12th June 2019
The jobs market shrugged off the Brexit paralysis gripping the rest of the economy in April as the self-employment boom helped unemployment hold at a 44-year low. Wage growth accelerated to 3.4pc, just below a 10-year high, as record employment levels put upward pressure on pay. Although the labour market slowed after a bumper start to the year, some 32,000 jobs were added to the economy in the three months to April, well above economists’ expectations.
Analysts believe that a job creation surge in early 2019 was sparked by businesses opting to hire rather than invest amid mounting Brexit uncertainty.

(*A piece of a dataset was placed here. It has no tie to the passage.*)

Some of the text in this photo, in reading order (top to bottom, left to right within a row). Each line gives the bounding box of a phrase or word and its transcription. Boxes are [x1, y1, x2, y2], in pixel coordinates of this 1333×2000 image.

The latest rise was pinned on a 64,000 jump in the number of self-employed people, offsetting a decline in employed workers. Employment growth is likely to slow over the rest of the year. The continued strength of the jobs market helped the pound bounce back after sinking yesterday following the shock fall in GDP. It climbed back above $1.27 versus the dollar, gaining as much as 0.3pc.
Trump’s Hold Up
Donald Trump identified the main obstacle to a China trade accord: himself. “It’s me right now that’s holding up the deal,” the president said, accusing Beijing of backtracking on a potential agreement. “We had a deal with China and unless they go back to that deal I have no interest.” He still expects to meet with Xi Jinping at this month’s G-20 summit in Japan. China’s leader has a few good options after Trump’s ultimatum.
Winning Streak Ends
Asian equities opened mixed Wednesday and dropped after U.S. stocks halted a five-day winning streak. Treasuries drifted higher, with 10-year yields down one basis point. The dollar was mixed, losing ground against the pound and euro but rising against the kiwi. Oil was little changed ahead of inventory data and speculation on the outcome of a potential OPEC+ meeting in coming weeks.
Looking ahead, todays news highlights include US CPI, ECB’s Draghi, de Guindos & Coeure. Supply from Germany & US.

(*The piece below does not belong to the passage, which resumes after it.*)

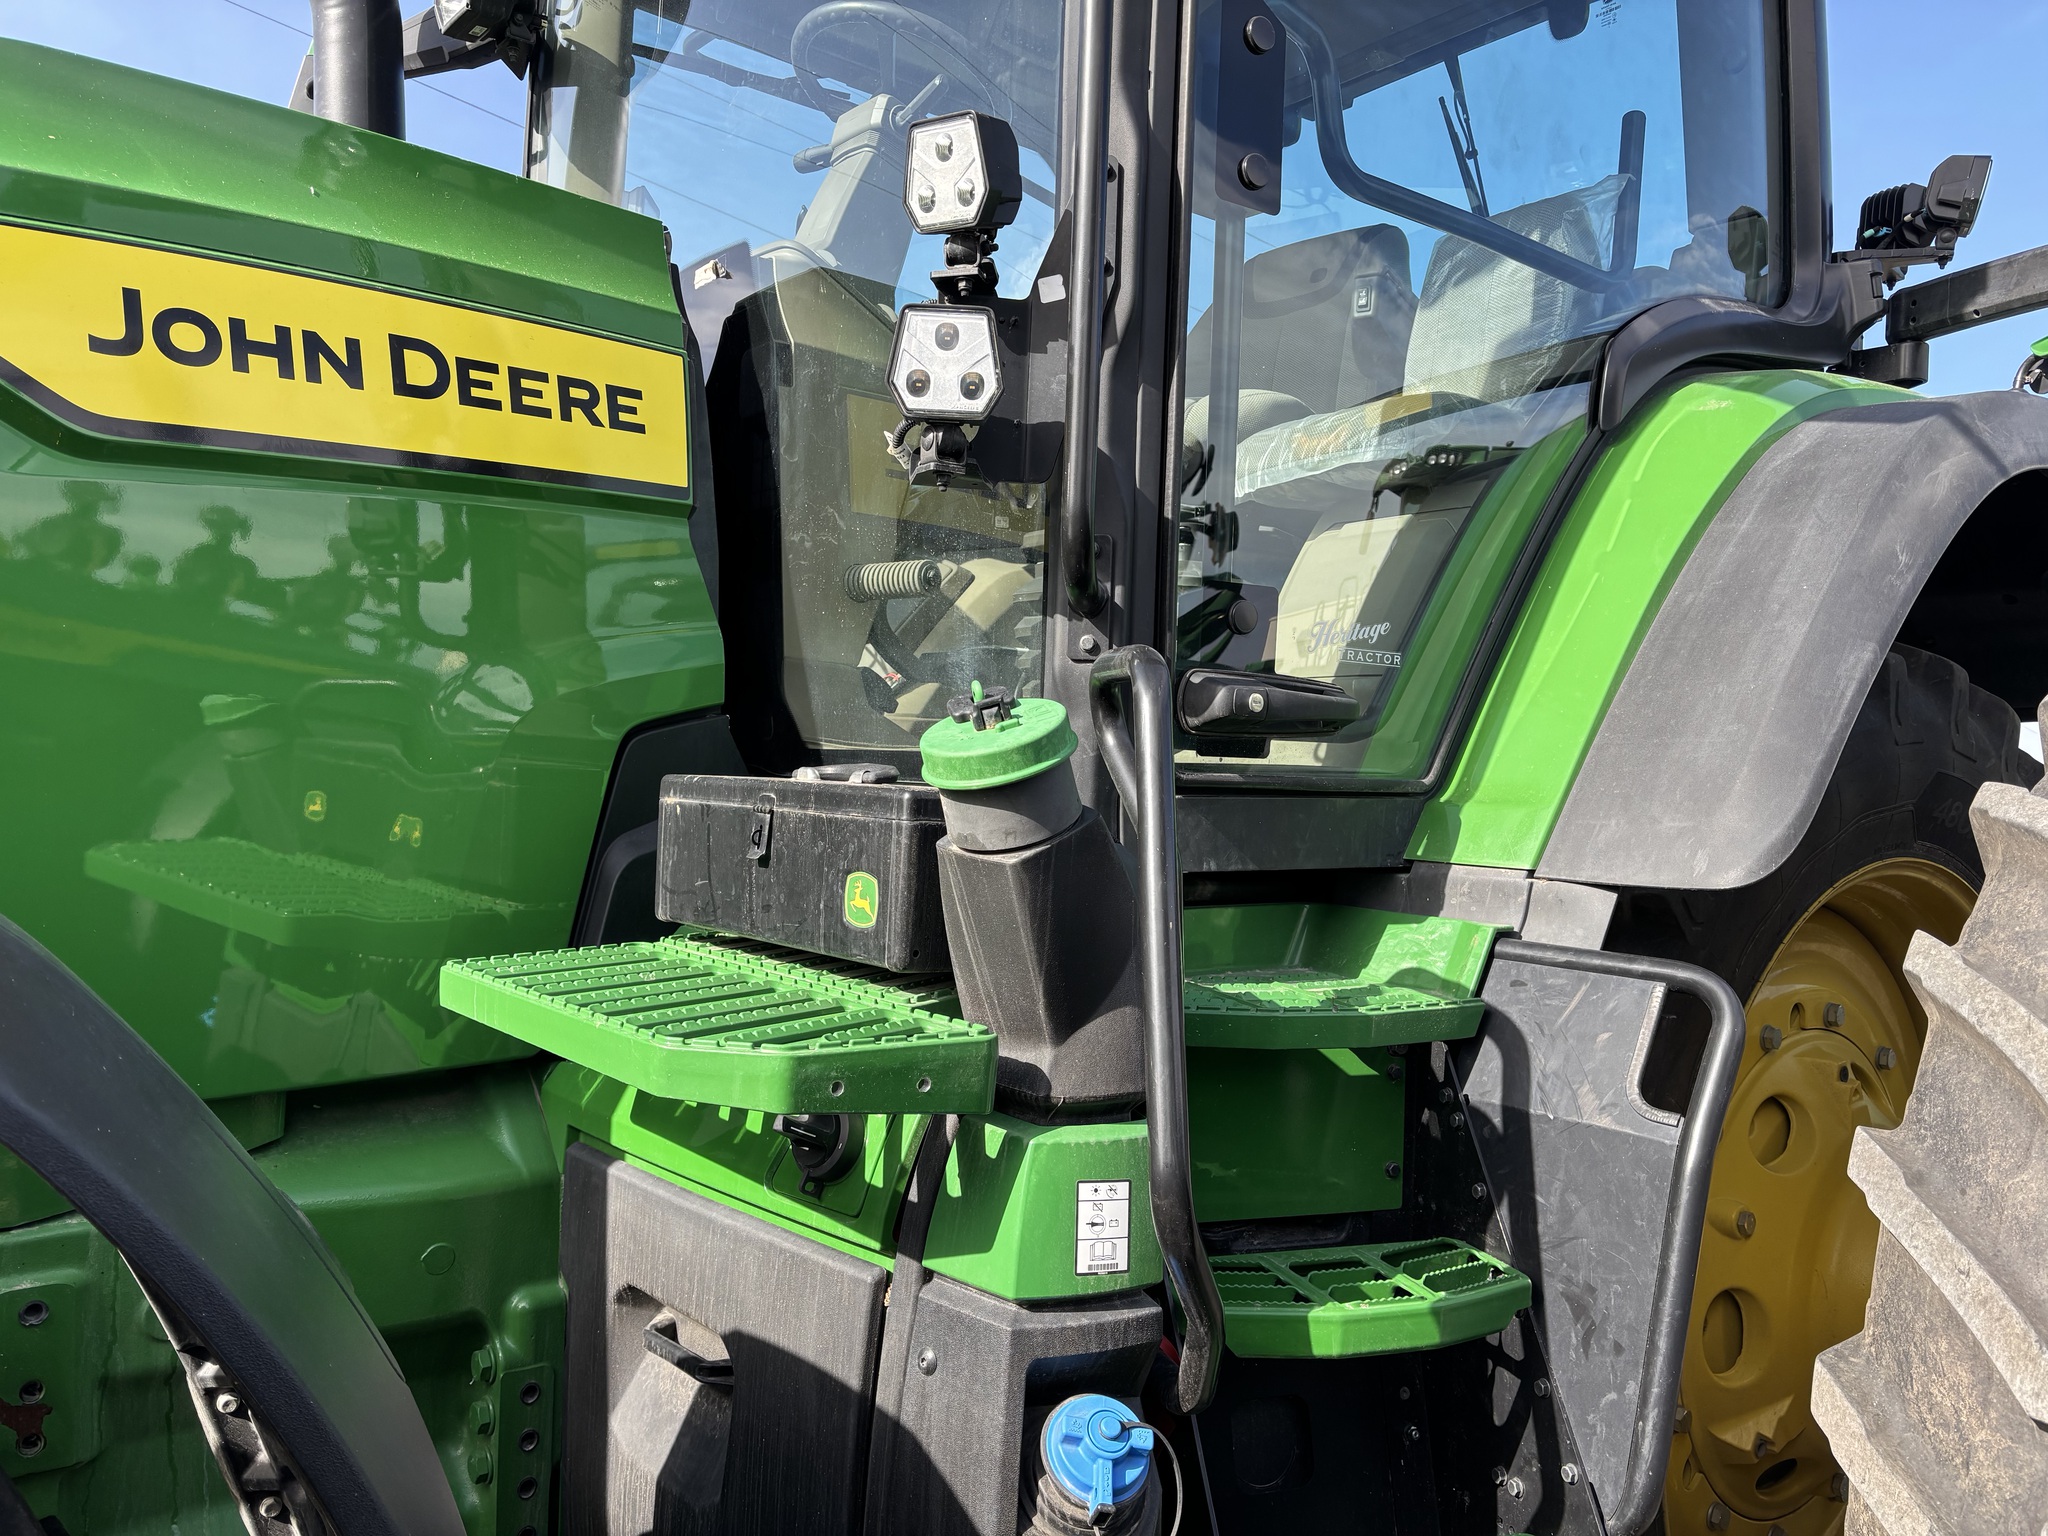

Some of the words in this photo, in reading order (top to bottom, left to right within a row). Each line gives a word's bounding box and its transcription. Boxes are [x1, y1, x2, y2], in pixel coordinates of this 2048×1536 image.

[88, 286, 365, 391] JOHN
[387, 333, 646, 435] DEERE
[1307, 618, 1392, 653] Heritage
[1339, 649, 1401, 665] TRACTOR

FTSE 100 Trading Signals, Forecast and Prediction
We may well see a retrace back towards the 30min coral resistance this morning which is sitting at 7400 as I write this, however, with the drop yesterday the 2 hour chart has gone bearish with resistance on that at the 7420 level. Funnily enough around where we entered yesterday! Above this then I have some decent looking daily resistance at 7443 and feel that should we see this area then a short here is worth a go. Not sure that the bulls can get it that high today though but I have put an order there just in case. Above this there is daily resistance at 7529 for the moment.
The Volatility index seems to be bottoming out a bit which may well coincide with a drop in indices shortly. The Vix as its known is worth watching as it rises as volatility increases, typically during bearish periods on indices.
For support today I have 7360 initially where we have S1, and also the green 2 hour coral that we have been watching all week so far. As such, if this holds initially it may well be the catalyst for a bounce back to the 7400 area.
With the recent bullish run the daily chart is bullish, with moving average support at 7295 for the moment, so we may well see a retrace down to this area then back up towards that 7529 level.
If the bears were to break below 7360 then 7340 is next up with a key fib level and also the 200ema on the 30min chart. A break of this will get the bears quite excited and probably swing stronger momentum to them, as the recent rally fizzles out and we start some bearishness.
That said, I am watching 7360 for initial support today as the bulls might not want to give up quite so fast. We are still only 36/100 on the fear gauge at the moment as well so may not see a big sell off just yet. It was a bit annoying to short the S&P a bit too early yesterday as its hit the 2911 area and dropped off quite nicely. I am thinking still that we see a drop down towards the 2846 level on this one.